Remember when the biggest upset of this theatre season was the mixed response to THE INHERITANCE?
Good times.
by Anonymous | reply 109 | April 20, 2020 2:55 PM |
Would it shut up the "woke" SJWs if they did an all-male version of "The Women" -- or would they just complain they are taking roles away from the ladies? What it it were all-Asian men? That probably wouldn't cut it. All African-American men? Hmm, that might work...
by Anonymous | reply 110 | April 20, 2020 3:04 PM |
Singapore/Flinging shit would still probably write diatribes on ATC
by Anonymous | reply 111 | April 20, 2020 3:05 PM |
The only stage production of THE WOMEN I'd be interested in seeing would feature all African-American men. Now THAT would be some theatre.

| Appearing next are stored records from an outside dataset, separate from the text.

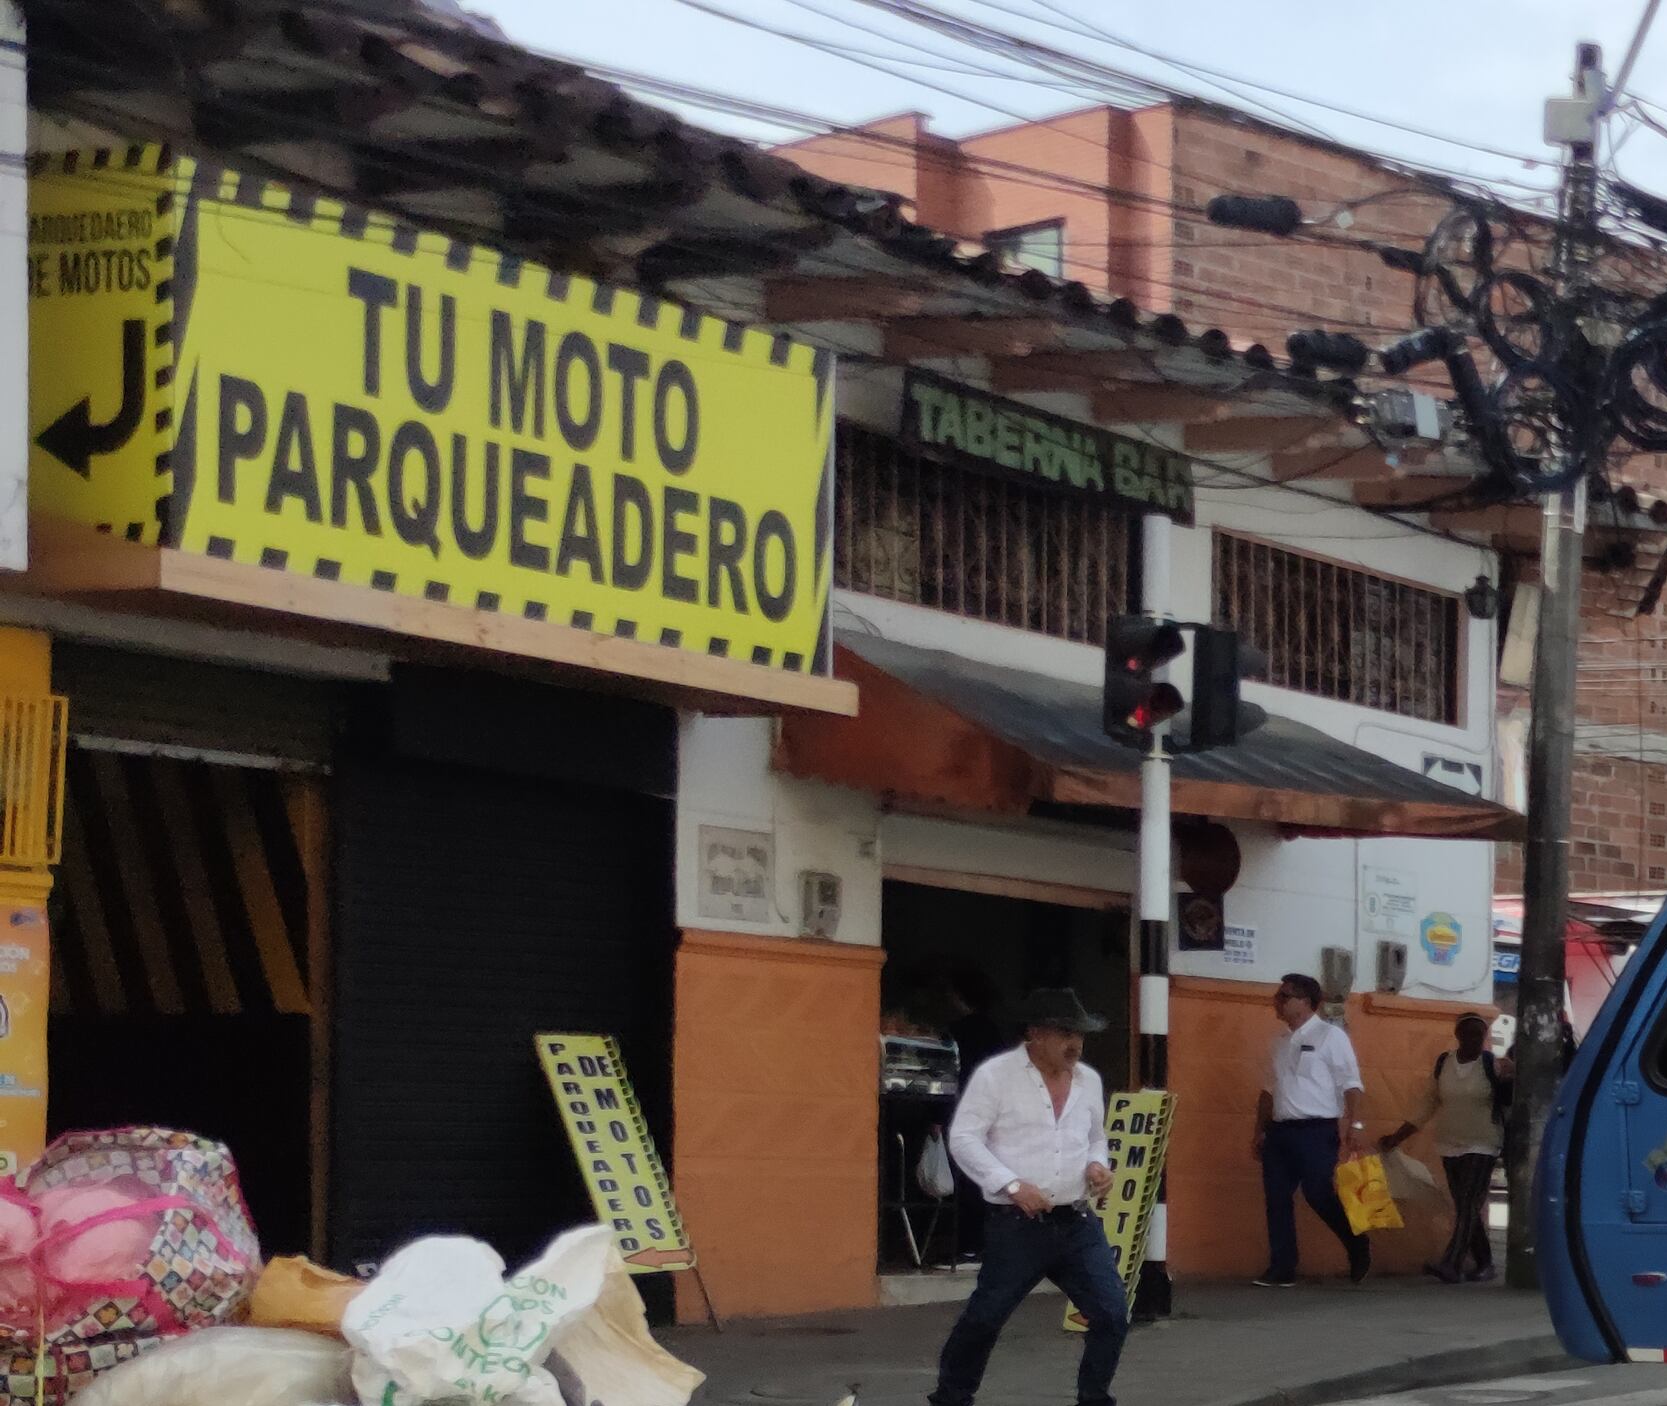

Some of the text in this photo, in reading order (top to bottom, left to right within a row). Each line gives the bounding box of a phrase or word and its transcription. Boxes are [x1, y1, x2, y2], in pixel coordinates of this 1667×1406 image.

[60, 249, 150, 296] MOTOS
[348, 266, 701, 476] TU MOTO
[217, 373, 798, 623] PARQUEADERO
[911, 382, 1194, 508] TABERNA BAR
[577, 1056, 613, 1077] DE
[1129, 1112, 1157, 1135] DE
[548, 1043, 639, 1250] PARQUEADERO
[593, 1088, 666, 1240] MOTOS

by Anonymous | reply 112 | April 20, 2020 3:07 PM |
didn't you read the 2 posts above you?
by Anonymous | reply 113 | April 20, 2020 3:12 PM |
Tyler Perry Presents "The Women"
Too bad Jussie Smollett will be in prison. It could have been his Tony Award.
by Anonymous | reply 114 | April 20, 2020 3:12 PM |
I think if males were cast in THE WOMEN, they’d find how tiresome it is to play shallow, bitchy characters with just a few scenes.
by Anonymous | reply 115 | April 20, 2020 3:17 PM |
Uh, John McMartin had years to perfect his performers and Bob Fosse to direct him. Chalamet was charming.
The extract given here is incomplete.